Dataset excerpts
########

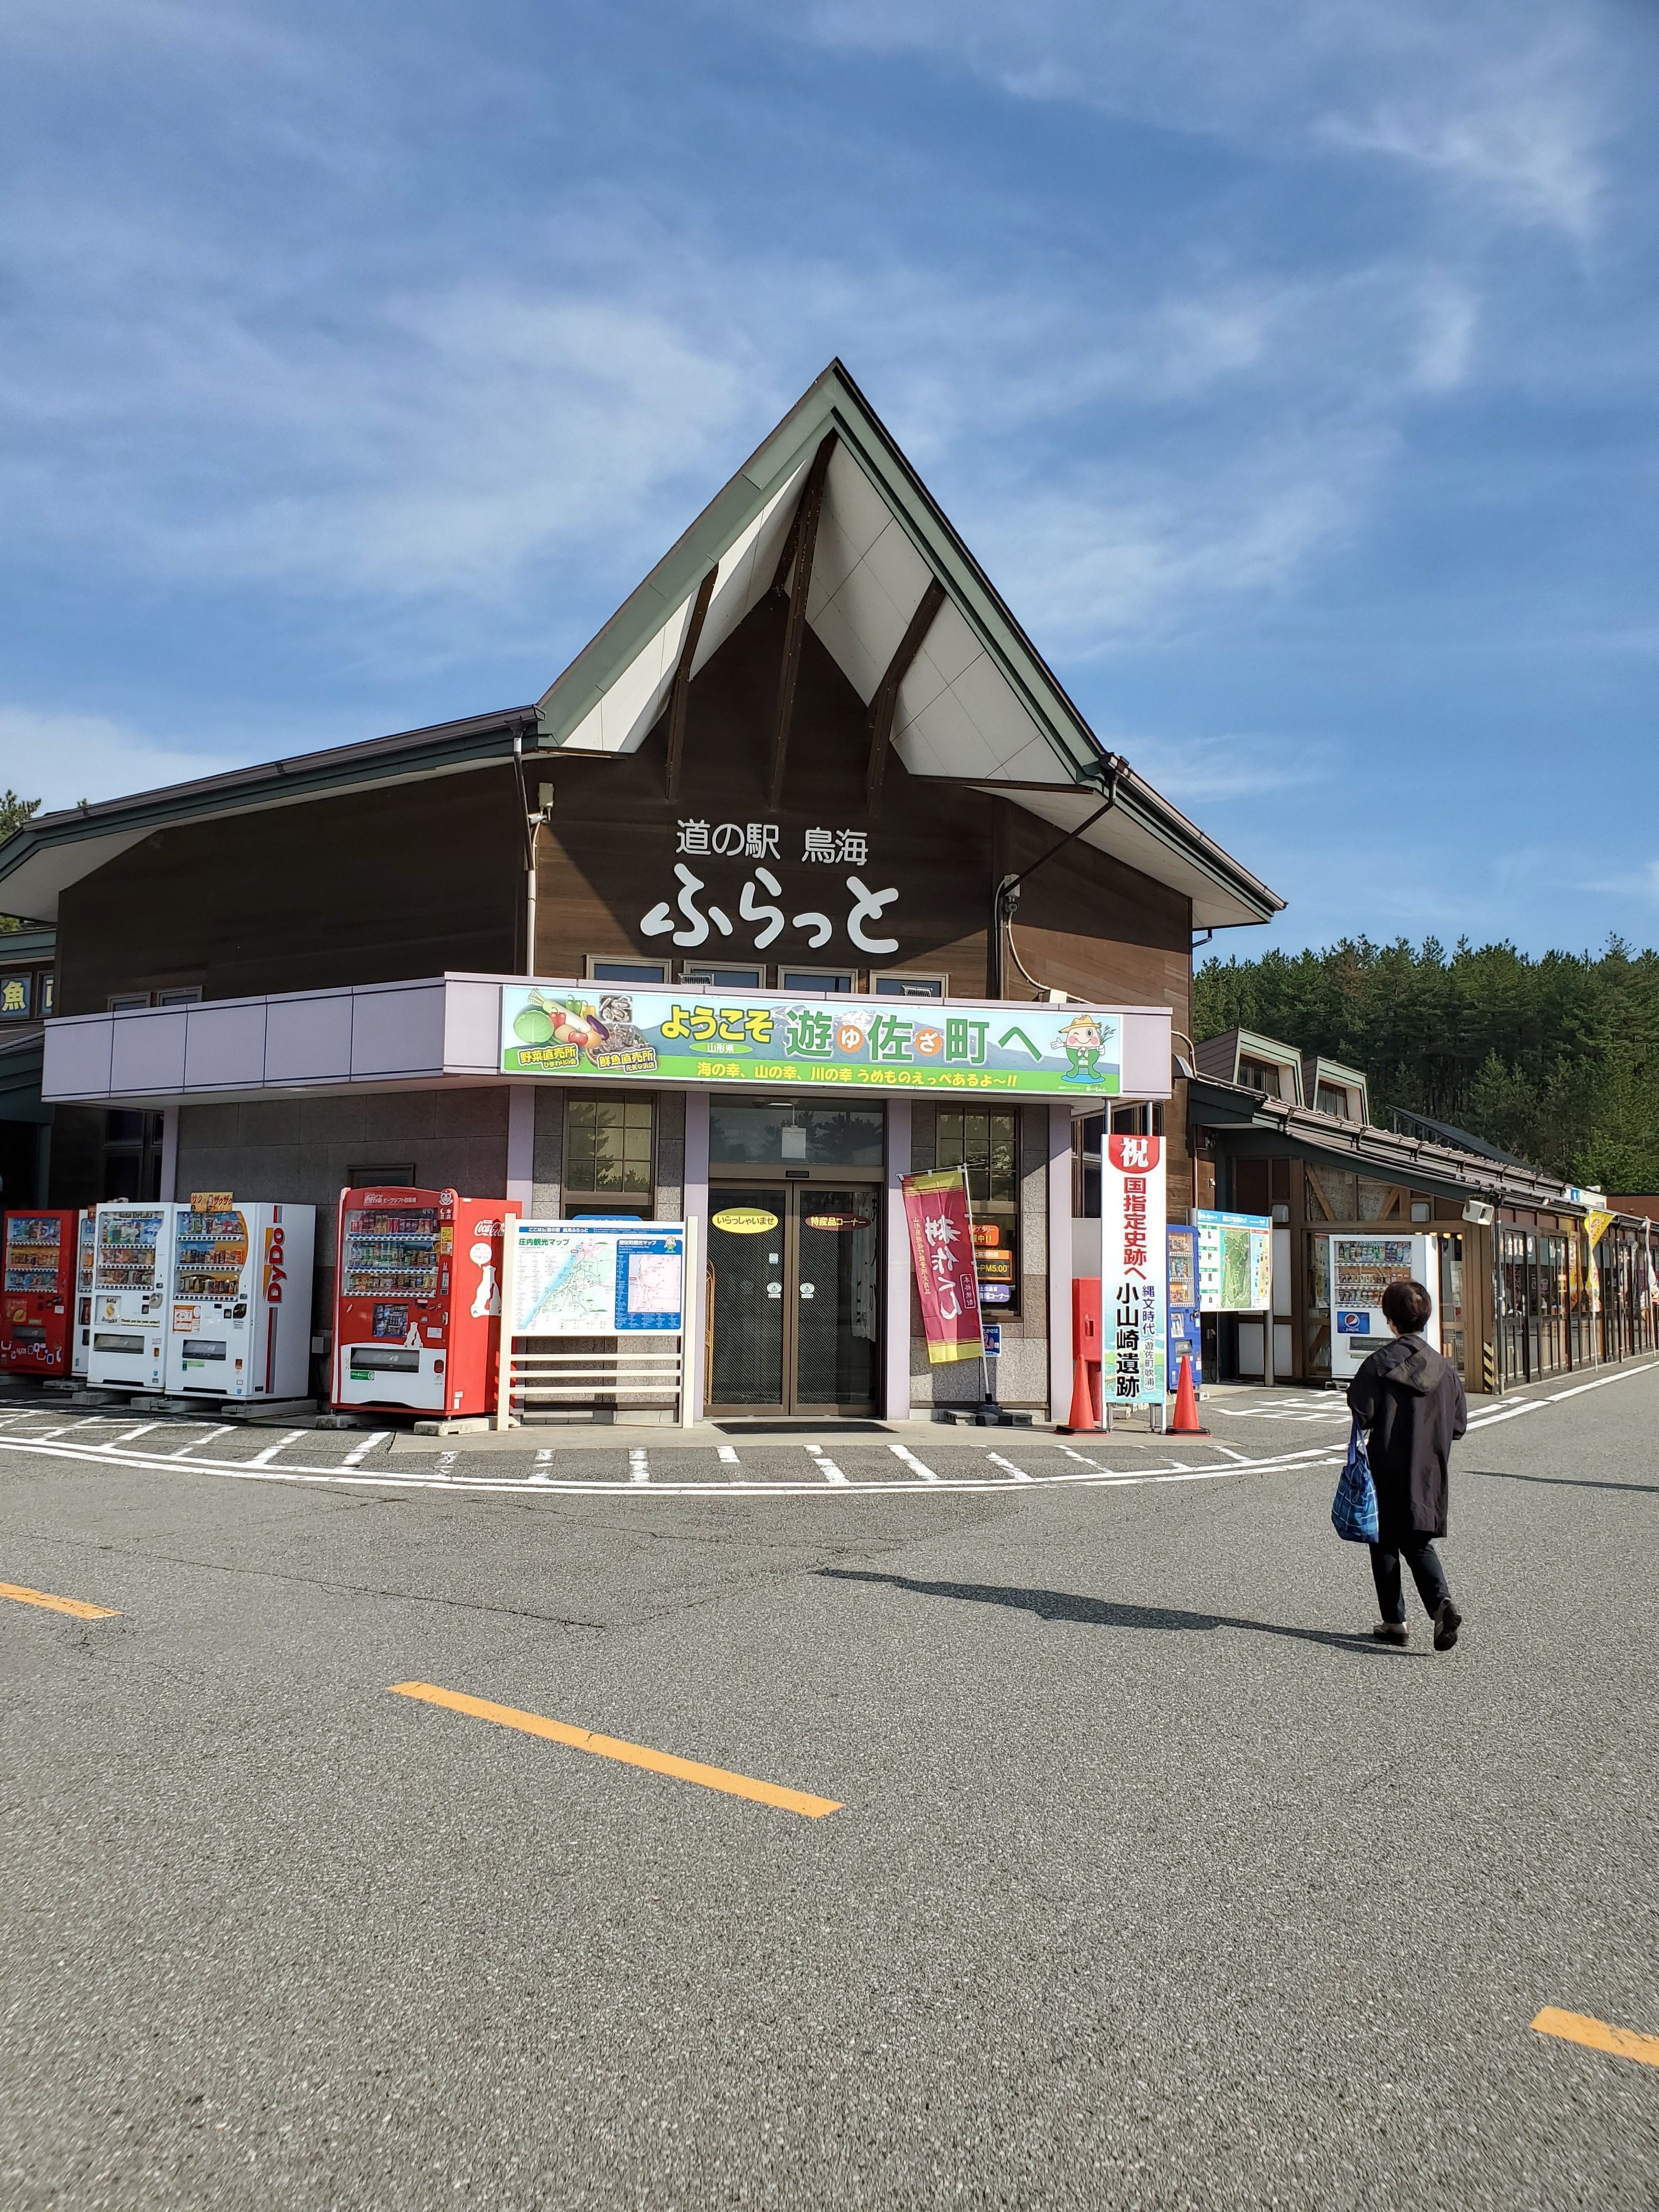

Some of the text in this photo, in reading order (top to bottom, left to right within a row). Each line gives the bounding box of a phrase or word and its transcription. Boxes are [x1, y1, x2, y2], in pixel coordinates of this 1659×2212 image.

[676, 819, 868, 866] 道の駅 鳥海
[640, 863, 899, 953] ふらっと
[661, 1005, 774, 1043] ようこそ
[520, 1046, 577, 1064] 野菜直売所
[599, 1050, 654, 1068] 鮮魚直売所
[707, 1045, 735, 1054] 山形県
[543, 1059, 577, 1068] ひまわりの会
[1119, 1137, 1149, 1167] 祝
[716, 1216, 775, 1225] いらっしゃいませ
[810, 1216, 867, 1227] 特産品コーナー
[1123, 1177, 1147, 1280] 国指定史跡へ
[1116, 1283, 1140, 1398] 小山崎遺跡
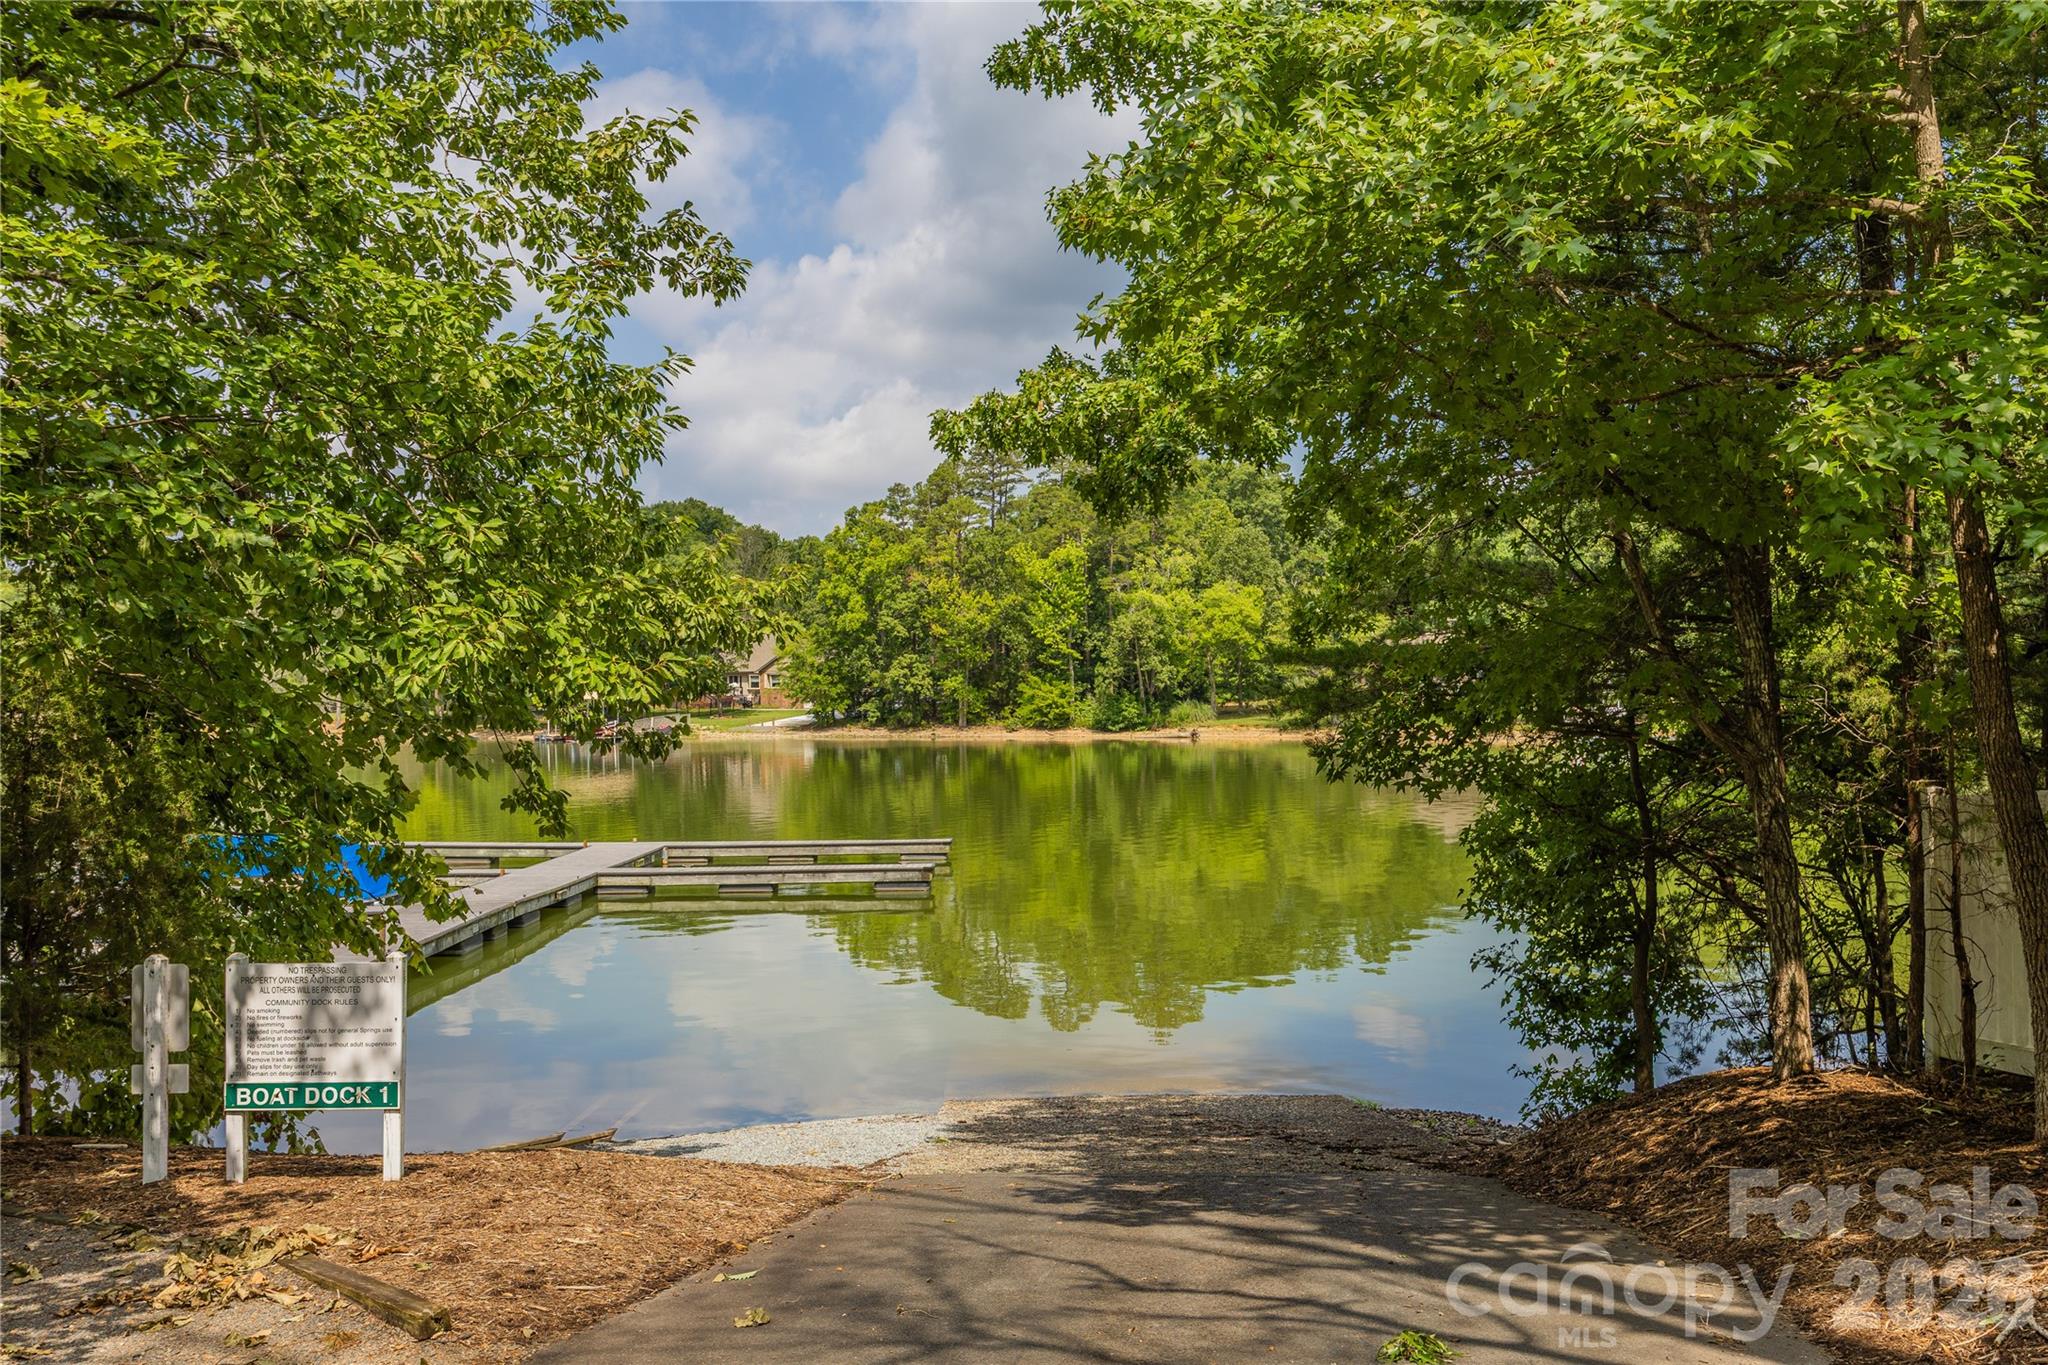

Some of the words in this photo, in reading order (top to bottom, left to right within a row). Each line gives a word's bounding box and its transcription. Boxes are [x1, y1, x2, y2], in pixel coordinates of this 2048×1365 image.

[288, 966, 299, 974] NO
[300, 966, 347, 974] TRESPASSING
[240, 976, 278, 984] PROPERTY
[279, 976, 308, 984] OWNERS
[310, 976, 324, 984] AND
[326, 976, 345, 984] THEIR
[347, 976, 375, 984] GUESTS
[260, 986, 270, 994] ALL
[271, 986, 296, 994] OTHERS
[297, 986, 310, 994] WILL
[312, 986, 320, 994] BE
[321, 986, 361, 994] PROSECUTED
[236, 1087, 298, 1106] BOAT
[305, 1086, 372, 1105] DOCK
[379, 1086, 389, 1105] 1
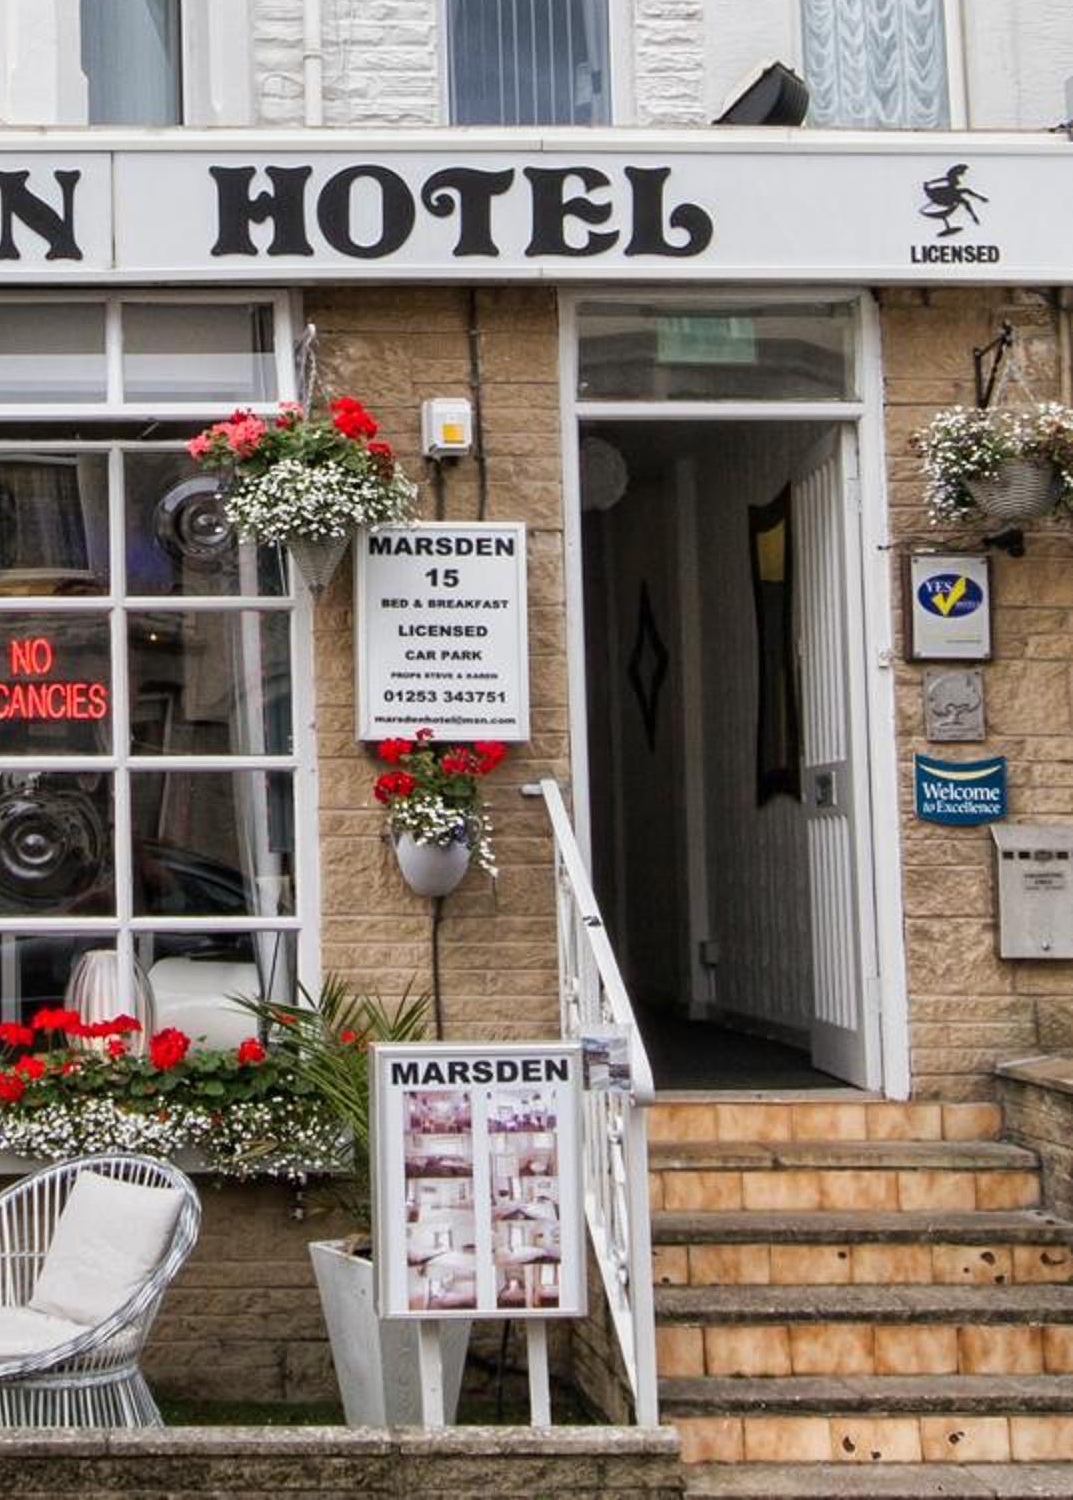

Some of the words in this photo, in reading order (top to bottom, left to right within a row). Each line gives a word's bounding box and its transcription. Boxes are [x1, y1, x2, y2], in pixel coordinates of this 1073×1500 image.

[209, 164, 714, 261] HOTEL
[910, 245, 1000, 264] LICENSED
[368, 536, 515, 557] MARSDEN
[425, 568, 460, 588] 15
[380, 598, 409, 609] BED
[412, 598, 424, 609] &
[427, 599, 509, 609] BREAKFAST
[398, 624, 488, 637] LICENSED
[7, 636, 55, 678] NO
[404, 649, 436, 661] CAR
[440, 650, 483, 661] PARK
[390, 671, 421, 680] PROPS
[383, 689, 438, 704] 01253
[443, 690, 507, 704] 343751
[922, 781, 1000, 801] Welcome
[936, 801, 1001, 814] Excellence
[391, 1059, 569, 1085] MARSDEN

########

- [Task instructions] The records are to be returned verbatim. Skip any picture they contain.

- [Answer below]
Some of the text in this photo, in reading order (top to bottom, left to right within a row). Each line gives the bounding box of a phrase or word and its transcription. Boxes are [x1, y1, x2, y2], in pixel coordinates of this 1659×2212 image.

[676, 819, 868, 866] 道の駅 鳥海
[640, 863, 899, 953] ふらっと
[661, 1005, 774, 1043] ようこそ
[520, 1046, 577, 1064] 野菜直売所
[599, 1050, 654, 1068] 鮮魚直売所
[707, 1045, 735, 1054] 山形県
[543, 1059, 577, 1068] ひまわりの会
[1119, 1137, 1149, 1167] 祝
[716, 1216, 775, 1225] いらっしゃいませ
[810, 1216, 867, 1227] 特産品コーナー
[1123, 1177, 1147, 1280] 国指定史跡へ
[1116, 1283, 1140, 1398] 小山崎遺跡

Some of the words in this photo, in reading order (top to bottom, left to right within a row). Each line gives a word's bounding box and its transcription. Boxes are [x1, y1, x2, y2], in pixel coordinates of this 2048×1365 image.

[288, 966, 299, 974] NO
[300, 966, 347, 974] TRESPASSING
[240, 976, 278, 984] PROPERTY
[279, 976, 308, 984] OWNERS
[310, 976, 324, 984] AND
[326, 976, 345, 984] THEIR
[347, 976, 375, 984] GUESTS
[260, 986, 270, 994] ALL
[271, 986, 296, 994] OTHERS
[297, 986, 310, 994] WILL
[312, 986, 320, 994] BE
[321, 986, 361, 994] PROSECUTED
[236, 1087, 298, 1106] BOAT
[305, 1086, 372, 1105] DOCK
[379, 1086, 389, 1105] 1

Some of the words in this photo, in reading order (top to bottom, left to right within a row). Each line gives a word's bounding box and its transcription. Boxes are [x1, y1, x2, y2], in pixel coordinates of this 1073×1500 image.

[209, 164, 714, 261] HOTEL
[910, 245, 1000, 264] LICENSED
[368, 536, 515, 557] MARSDEN
[425, 568, 460, 588] 15
[380, 598, 409, 609] BED
[412, 598, 424, 609] &
[427, 599, 509, 609] BREAKFAST
[398, 624, 488, 637] LICENSED
[7, 636, 55, 678] NO
[404, 649, 436, 661] CAR
[440, 650, 483, 661] PARK
[390, 671, 421, 680] PROPS
[383, 689, 438, 704] 01253
[443, 690, 507, 704] 343751
[922, 781, 1000, 801] Welcome
[936, 801, 1001, 814] Excellence
[391, 1059, 569, 1085] MARSDEN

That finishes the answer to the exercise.